A concepção metodológica da Psicodinâmica do Trabalho está relacionada, por um lado, à invisibilidade do trabalho real e, por outro, à compreensão da coletividade da inteligência no espaço de trabalho. Nas ações visíveis, não se pode alcançar o verdadeiro trabalho desempenhado pelo sujeito. Portanto, a partir da observação do método da Ergonomia, não se pode extrair as façanhas da inteligência. Decorre daí um distanciamento da análise da atividade realizada e a procura pela fala do sujeito. Não interessa, entretanto, a fala individual, mas as construções coletivas, as estratégias formuladas pelo grupo diante das pressões que lhes são impostas (Heloani & Lancman, 2004).

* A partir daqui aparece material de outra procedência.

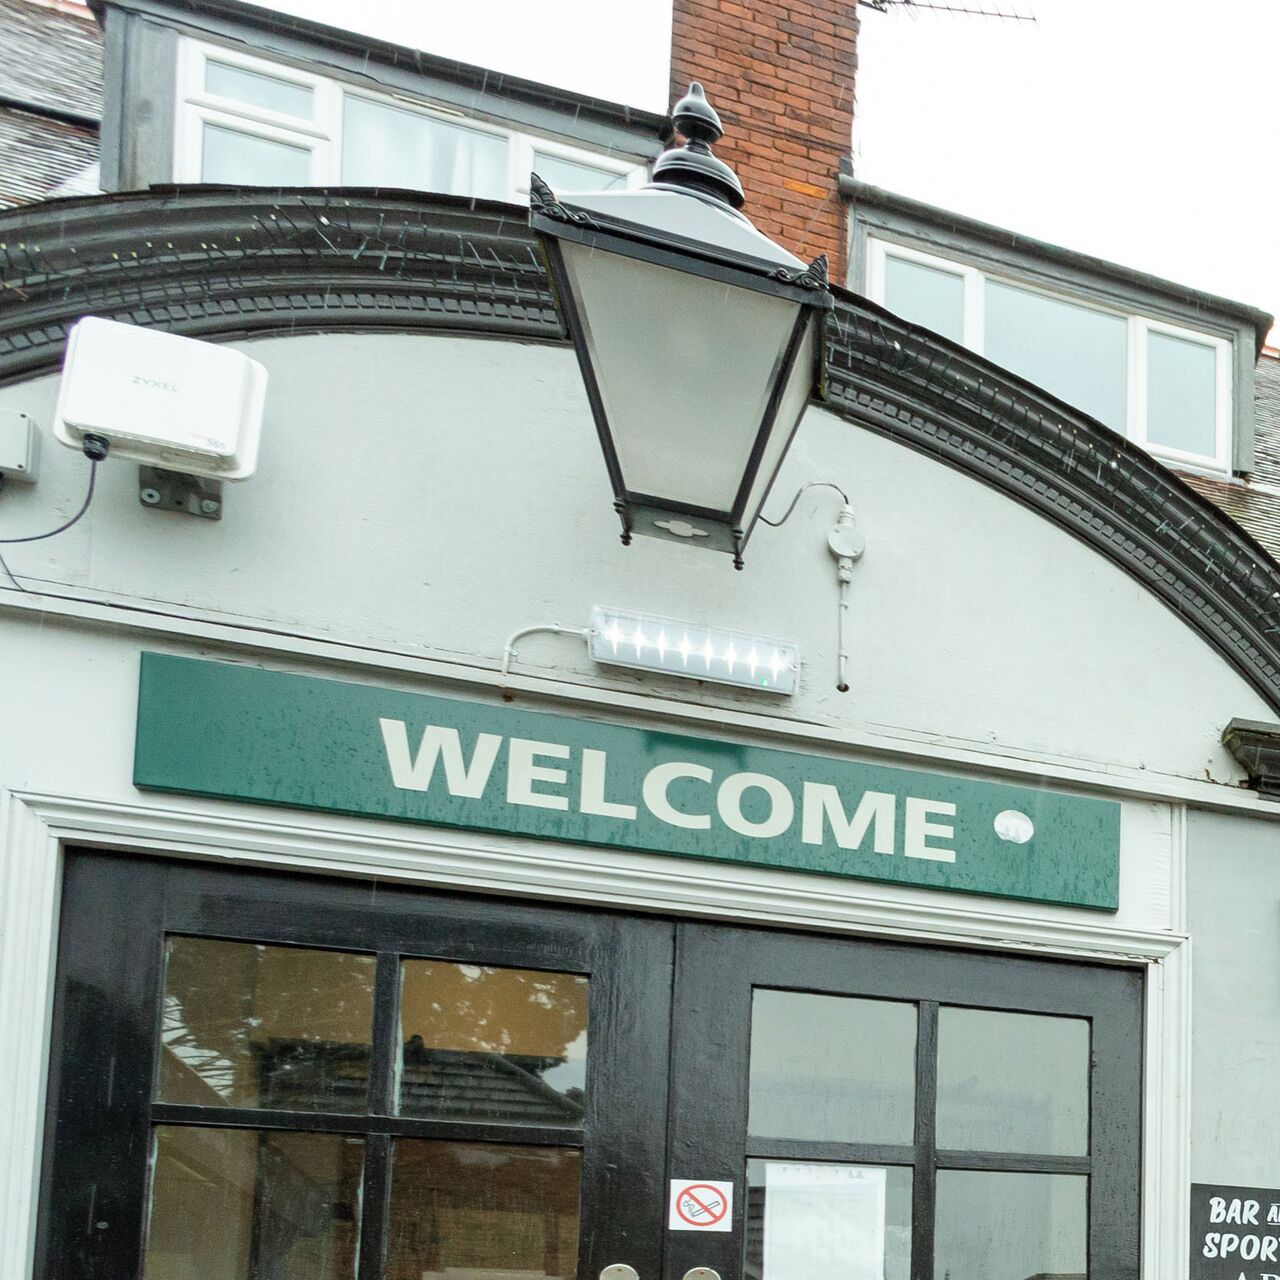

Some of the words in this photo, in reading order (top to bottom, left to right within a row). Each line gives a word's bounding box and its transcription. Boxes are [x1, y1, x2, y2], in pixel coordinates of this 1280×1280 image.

[132, 375, 179, 392] ZYXEL
[379, 718, 956, 863] WELCOME
[1209, 1196, 1260, 1225] BAR
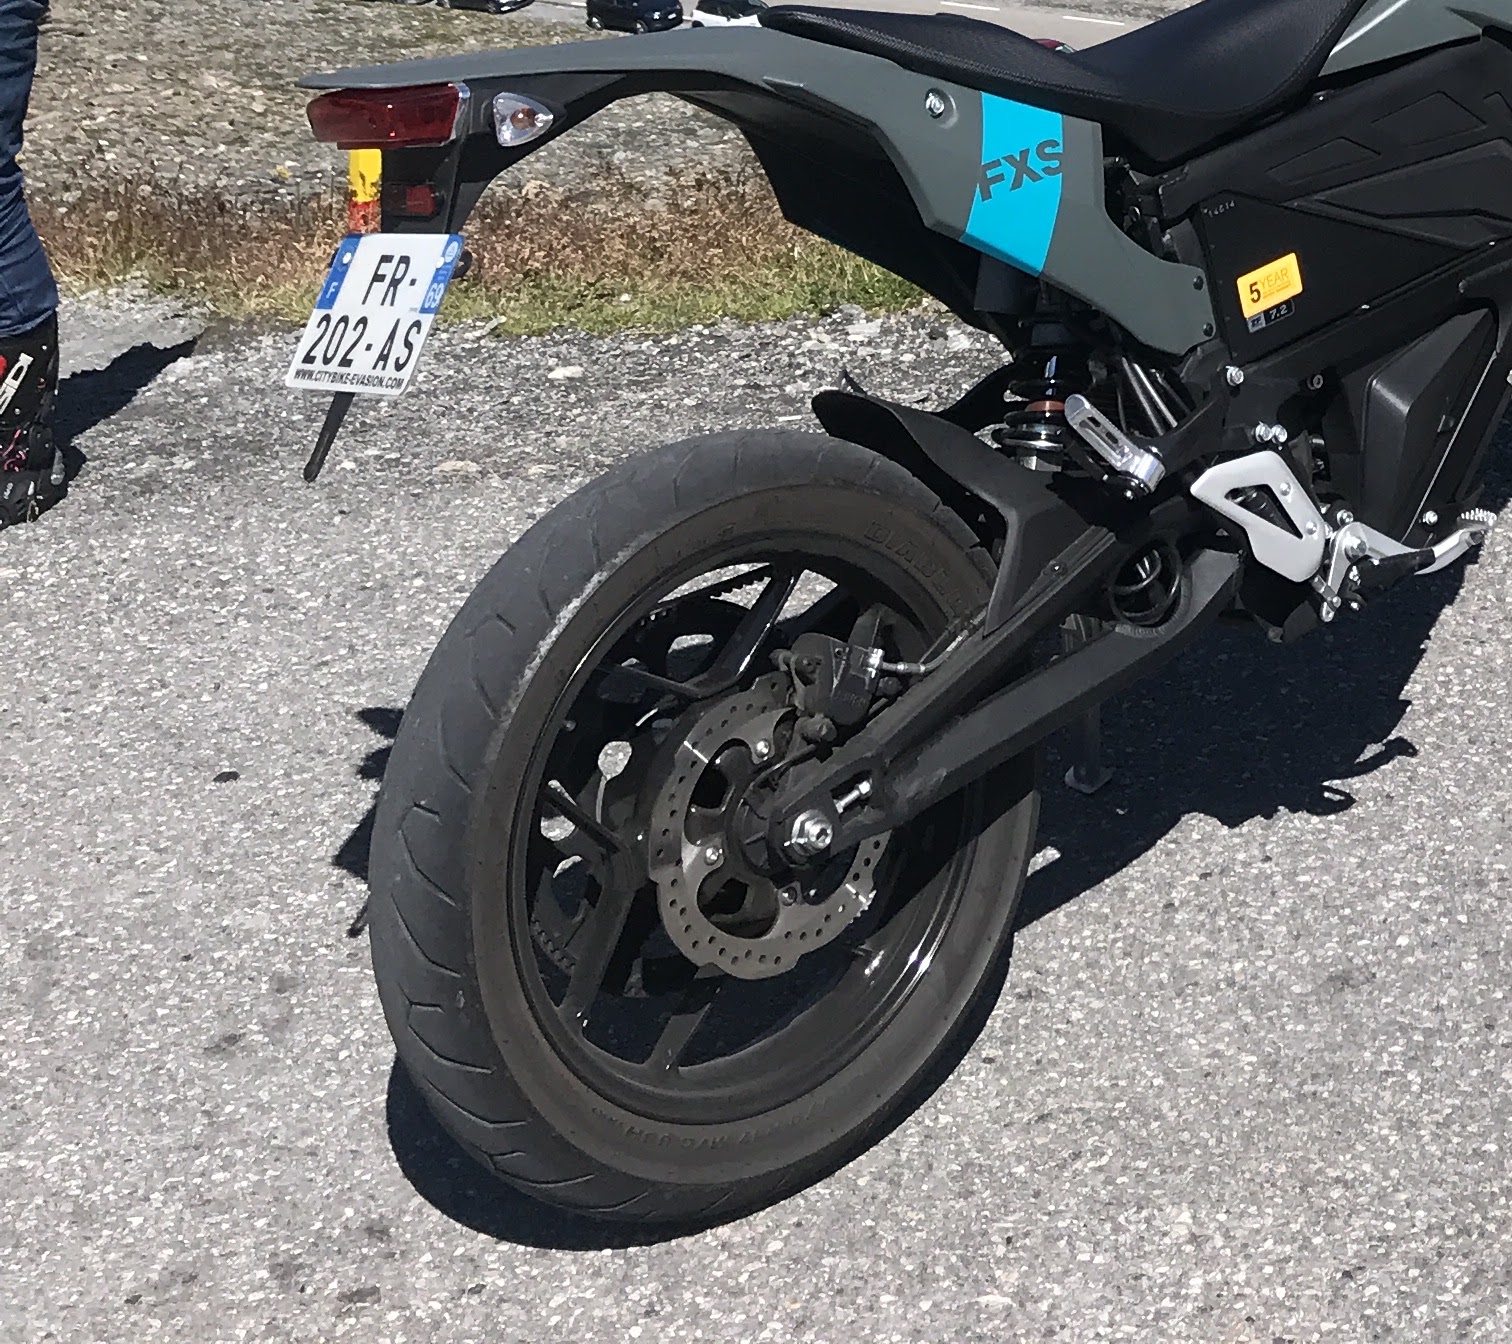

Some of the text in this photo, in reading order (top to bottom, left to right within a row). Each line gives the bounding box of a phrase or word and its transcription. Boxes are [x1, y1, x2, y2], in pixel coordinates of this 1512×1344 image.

[977, 139, 1064, 203] FXS
[326, 281, 339, 299] F
[424, 282, 445, 309] 69
[1249, 281, 1262, 304] 5
[1259, 267, 1290, 289] YEAR
[1269, 304, 1288, 320] 7.2
[301, 313, 422, 373] 202-AS
[294, 368, 405, 390] WWW.CITYBIKE-EVASION.COM
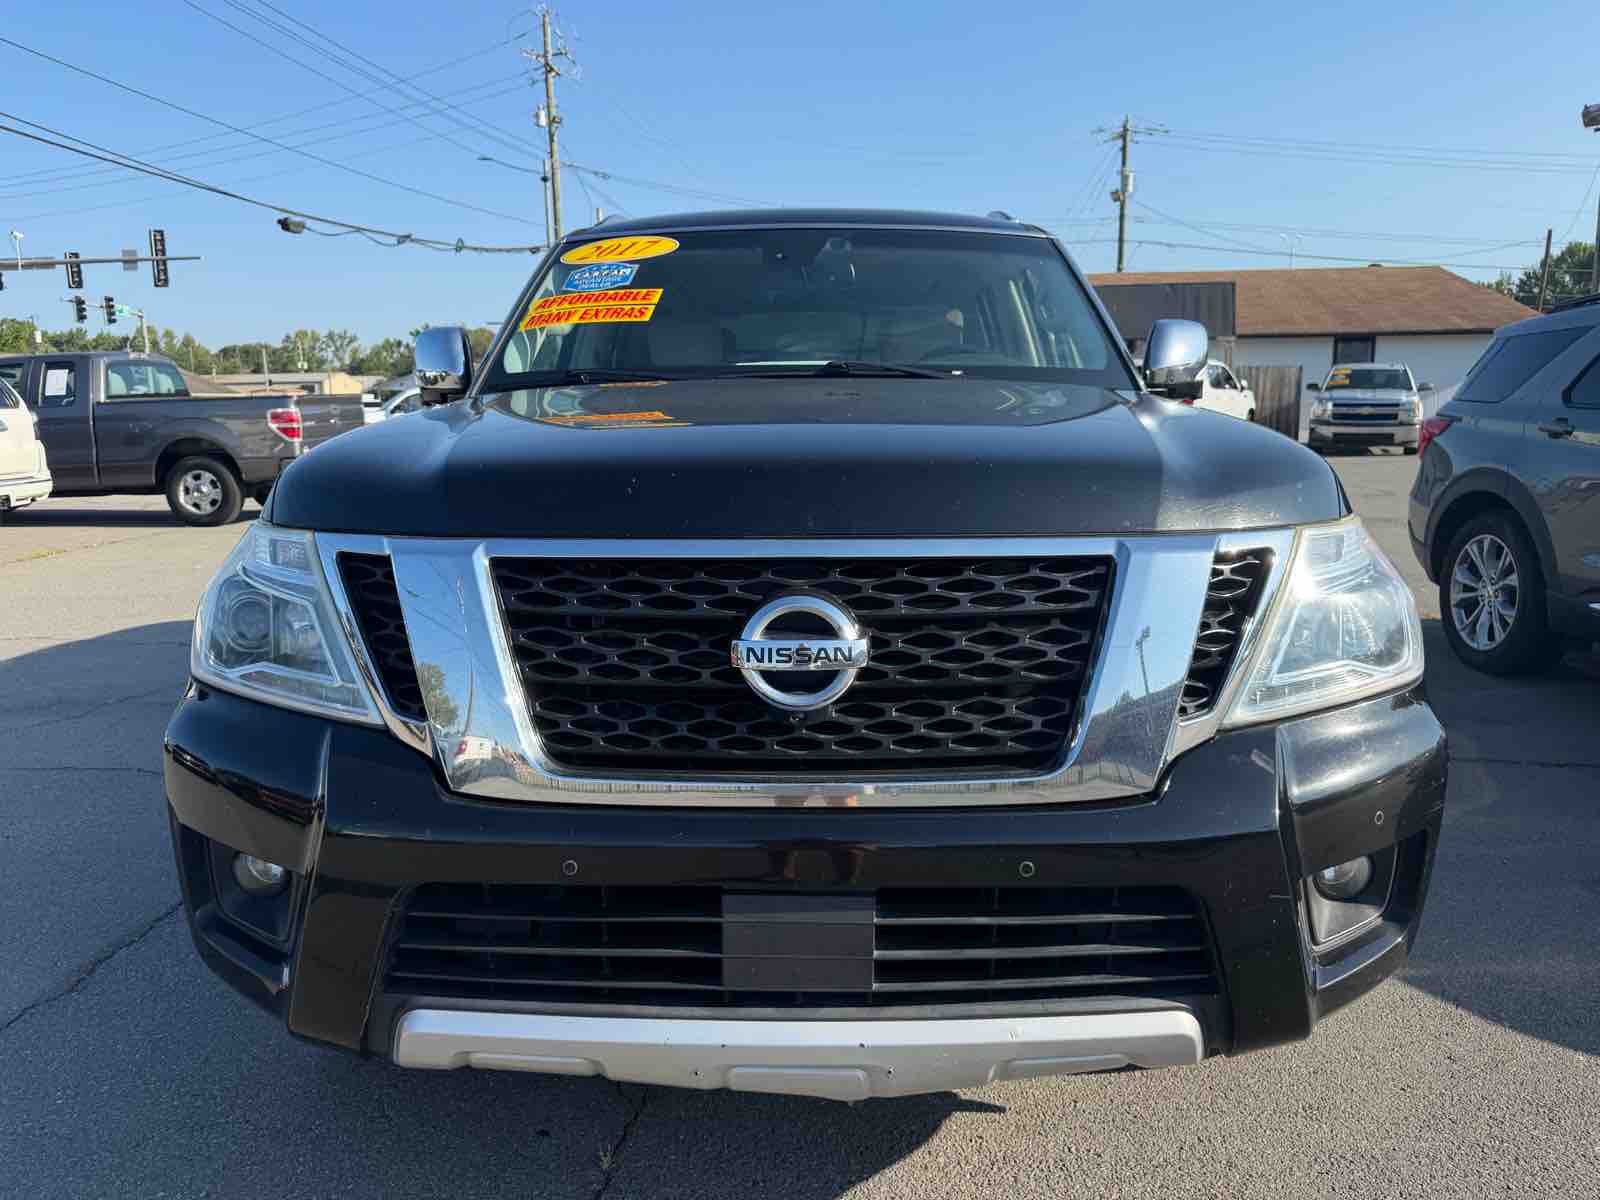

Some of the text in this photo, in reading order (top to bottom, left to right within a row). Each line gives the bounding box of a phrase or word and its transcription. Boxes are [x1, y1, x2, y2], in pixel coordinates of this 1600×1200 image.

[575, 239, 662, 260] 2017
[535, 290, 655, 310] AFFORDABLE
[525, 306, 648, 330] MANY EXTRAS
[746, 646, 853, 664] NISSAN
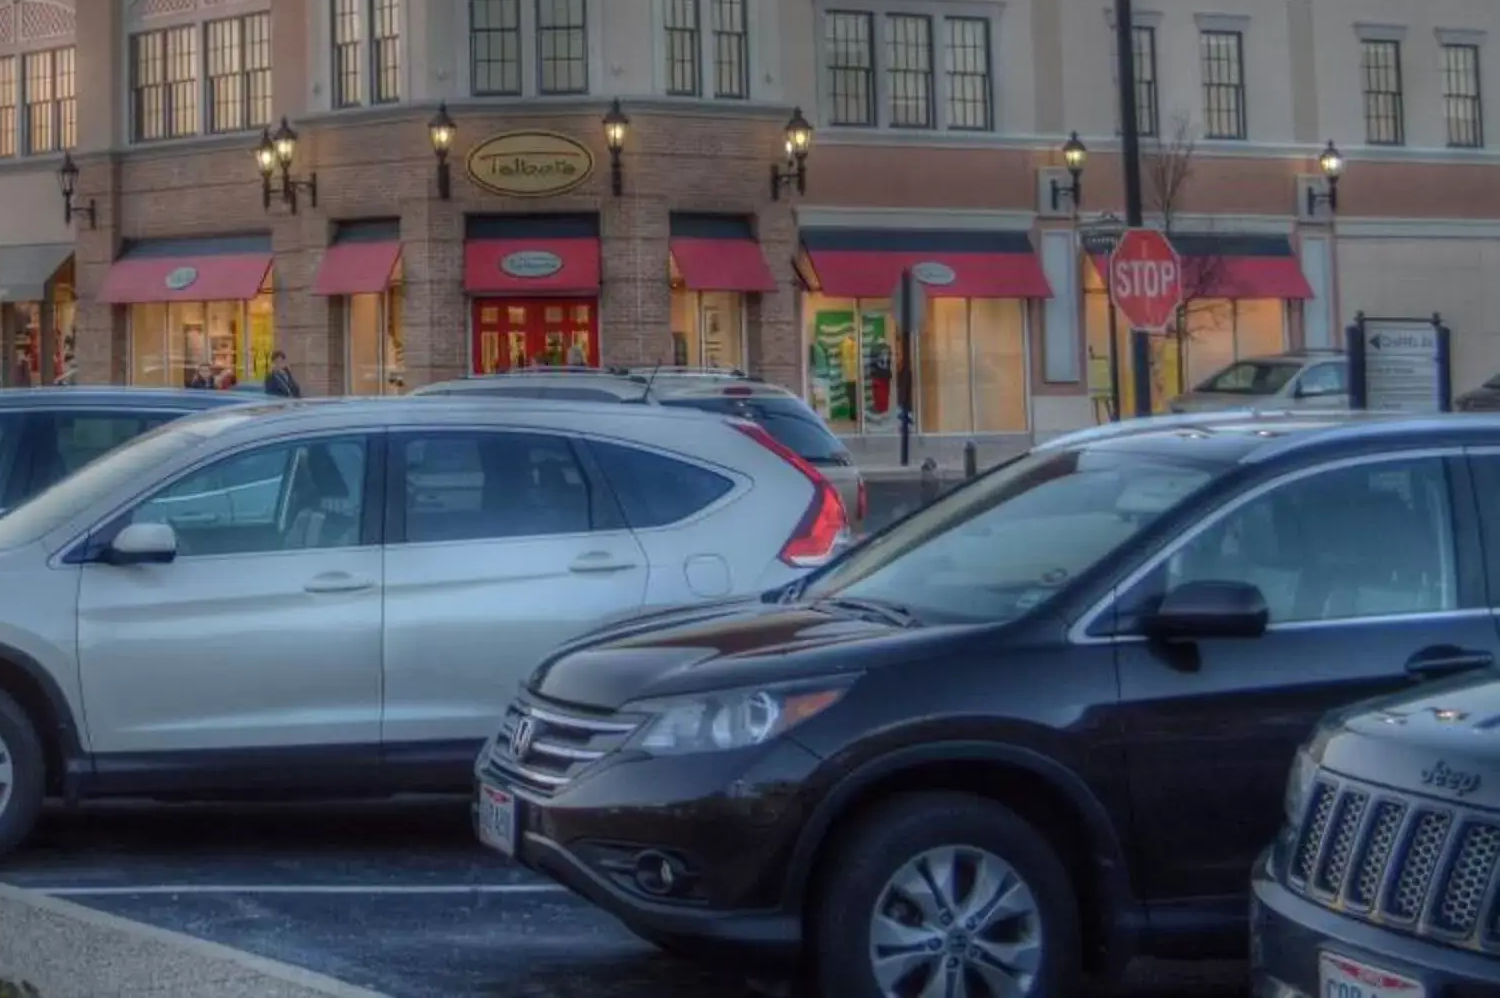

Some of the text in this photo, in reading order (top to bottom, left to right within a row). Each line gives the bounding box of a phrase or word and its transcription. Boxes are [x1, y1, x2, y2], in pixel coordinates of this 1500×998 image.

[481, 152, 580, 176] Talbots
[1116, 262, 1176, 298] STOP
[1421, 760, 1482, 797] Jeep

De forma sintética, pode-se averiguar que, na Ergonomia, a atividade foi definida como objeto e a observação foi considerada o método adequado para o seu estudo. A Psicodinâmica, derivada da Psicopatologia do Trabalho, pela via da fala coletiva, se atém à subjetividade. De acordo com Molinier (2003), "a subjetividade é o próprio objeto da Psicodinâmica do Trabalho" (p. 44).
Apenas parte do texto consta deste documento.